Work instructions: Would you write out the entries that follow word for word, omitting any images?

Supplied data:
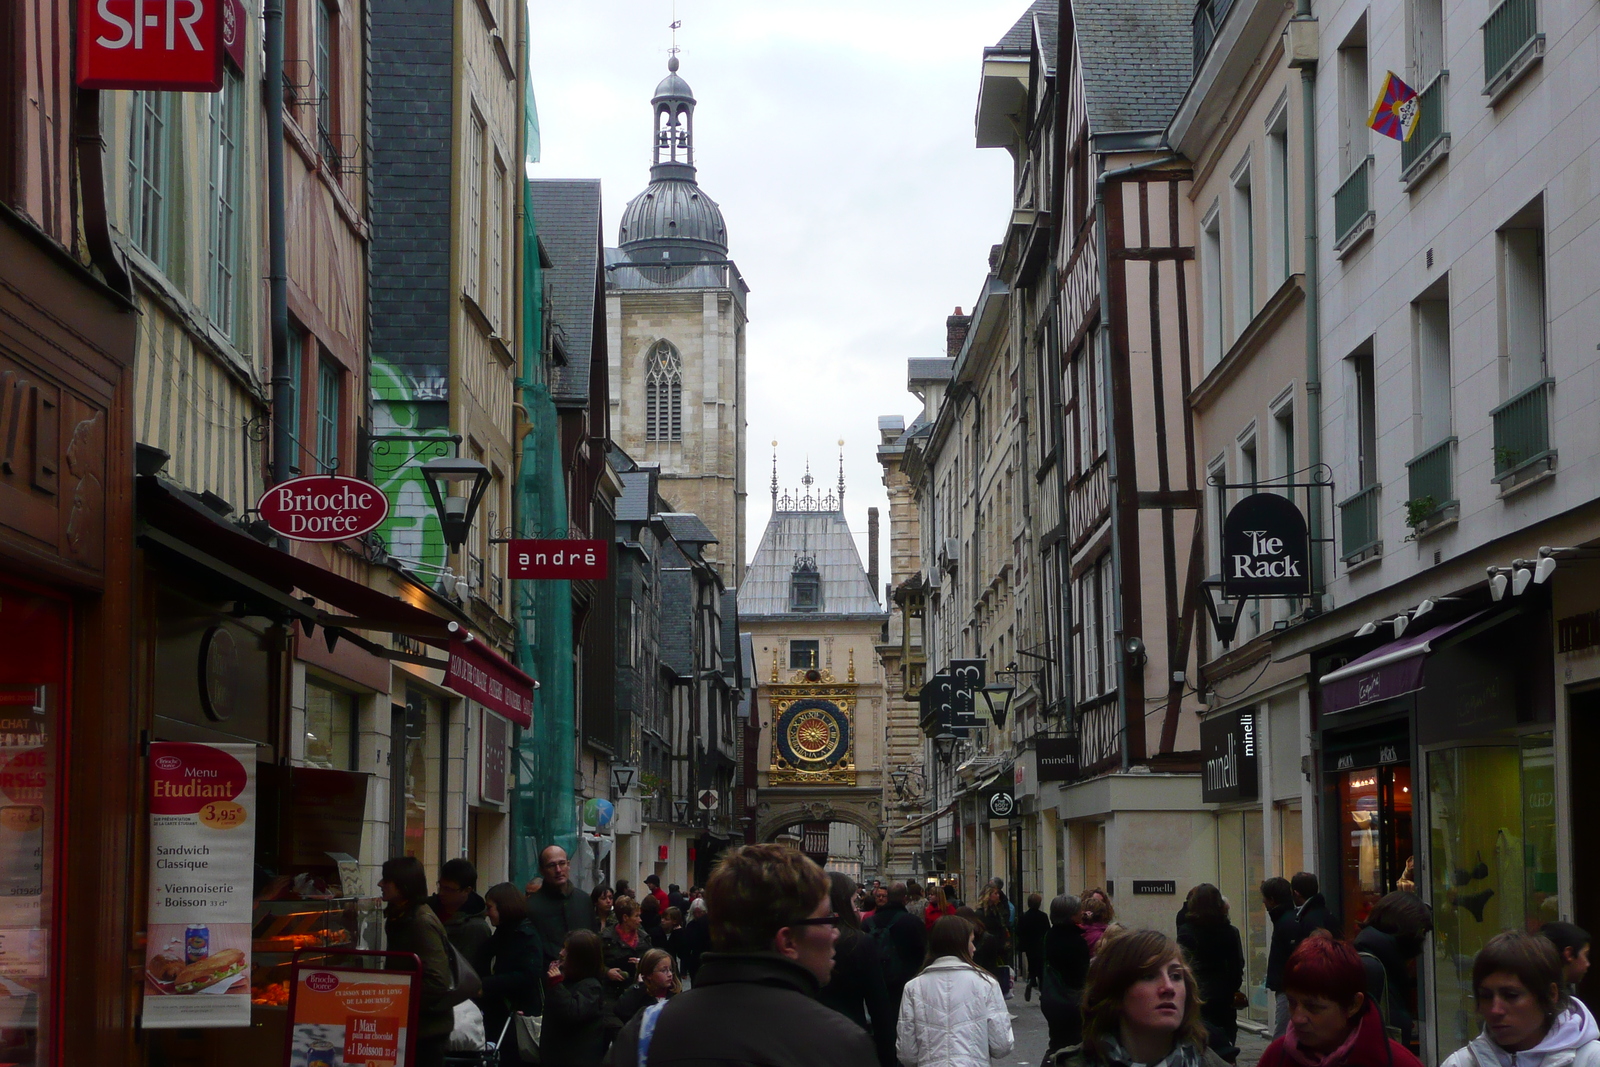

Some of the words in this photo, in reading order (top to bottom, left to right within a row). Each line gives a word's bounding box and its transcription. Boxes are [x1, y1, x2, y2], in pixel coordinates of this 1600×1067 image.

[95, 0, 205, 51] SFR
[277, 485, 373, 512] Brioche
[289, 510, 358, 533] Dorée
[1242, 530, 1284, 557] Tie
[1231, 554, 1302, 579] Rack
[1240, 714, 1254, 757] minelli
[1041, 754, 1075, 765] minelli
[1207, 732, 1238, 791] minelli
[184, 767, 218, 777] Menu
[153, 778, 233, 798] Etudiant
[156, 844, 210, 855] Sandwich
[156, 858, 208, 871] Classique
[164, 883, 234, 893] Viennoiserie
[1141, 883, 1173, 893] minelli
[165, 897, 207, 907] Boisson
[310, 974, 336, 984] Brioche
[364, 996, 391, 1004] JOURNÉE
[359, 1019, 377, 1032] Maxi
[352, 1032, 364, 1041] pain
[371, 1032, 394, 1041] chocolat
[357, 1042, 384, 1057] Boisson
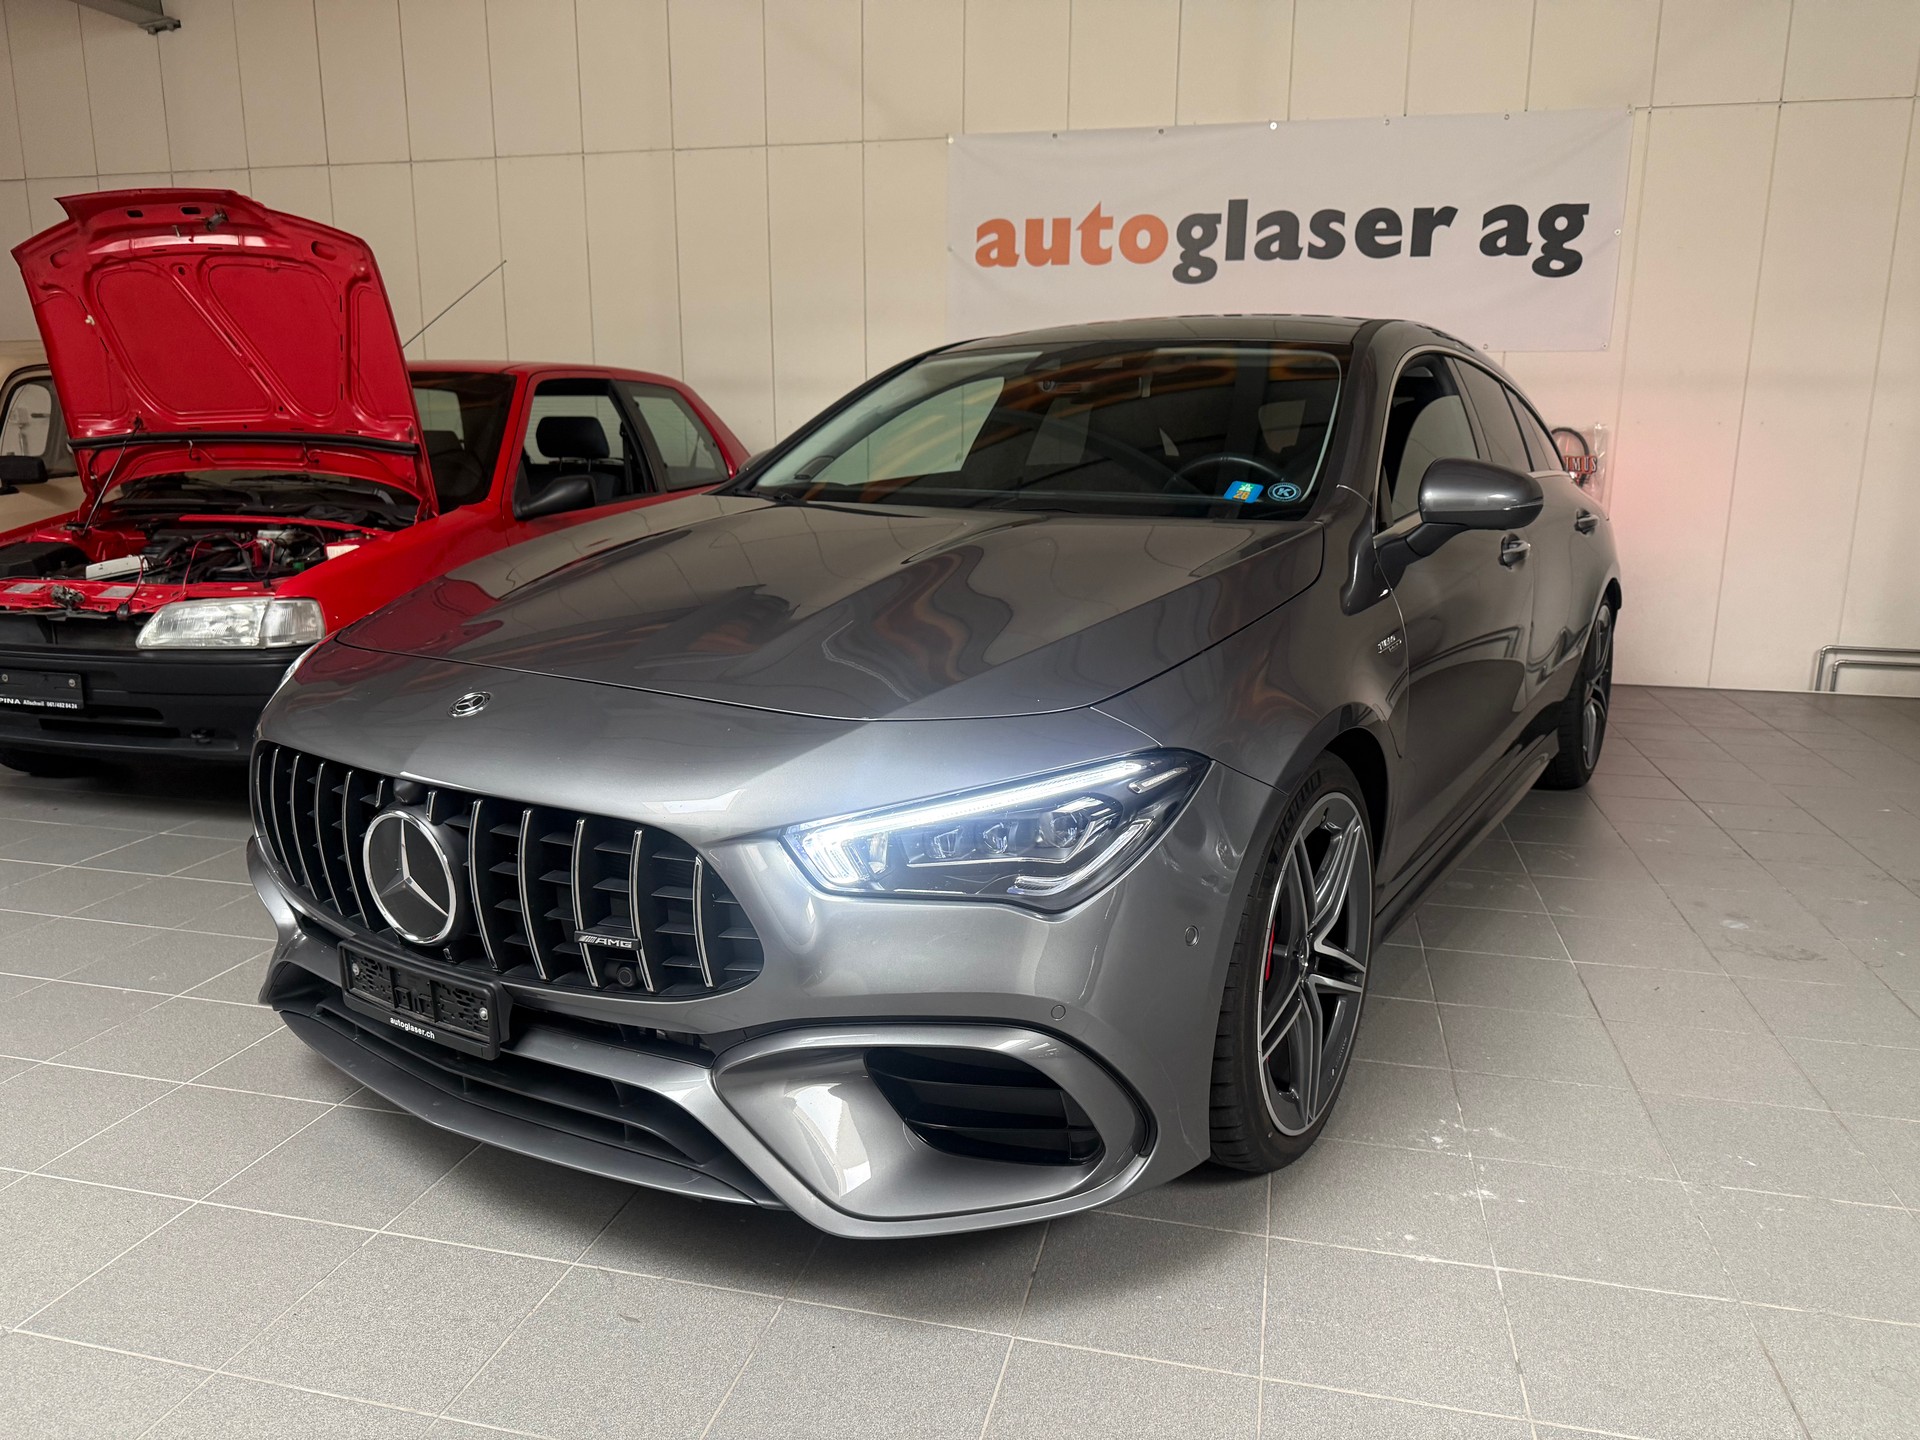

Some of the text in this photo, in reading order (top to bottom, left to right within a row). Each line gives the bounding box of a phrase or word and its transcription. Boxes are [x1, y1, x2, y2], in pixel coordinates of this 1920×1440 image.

[975, 198, 1590, 285] autoglaser ag
[595, 937, 632, 949] AMG
[389, 1016, 435, 1040] autoglaser.ch

Answer space:
Some of the words in this photo, in reading order (top to bottom, left to right within a row). Each line gives a word's bounding box and its transcription. Boxes are [x1, y1, x2, y2], in pixel coordinates of this 1600×1067 image.

[95, 0, 205, 51] SFR
[277, 485, 373, 512] Brioche
[289, 510, 358, 533] Dorée
[1242, 530, 1284, 557] Tie
[1231, 554, 1302, 579] Rack
[1240, 714, 1254, 757] minelli
[1041, 754, 1075, 765] minelli
[1207, 732, 1238, 791] minelli
[184, 767, 218, 777] Menu
[153, 778, 233, 798] Etudiant
[156, 844, 210, 855] Sandwich
[156, 858, 208, 871] Classique
[164, 883, 234, 893] Viennoiserie
[1141, 883, 1173, 893] minelli
[165, 897, 207, 907] Boisson
[310, 974, 336, 984] Brioche
[364, 996, 391, 1004] JOURNÉE
[359, 1019, 377, 1032] Maxi
[352, 1032, 364, 1041] pain
[371, 1032, 394, 1041] chocolat
[357, 1042, 384, 1057] Boisson

Some of the text in this photo, in reading order (top to bottom, left to right within a row). Each line gives the bounding box of a phrase or word and its transcription. Boxes are [x1, y1, x2, y2], in pixel coordinates of this 1920×1440 image.

[975, 198, 1590, 285] autoglaser ag
[595, 937, 632, 949] AMG
[389, 1016, 435, 1040] autoglaser.ch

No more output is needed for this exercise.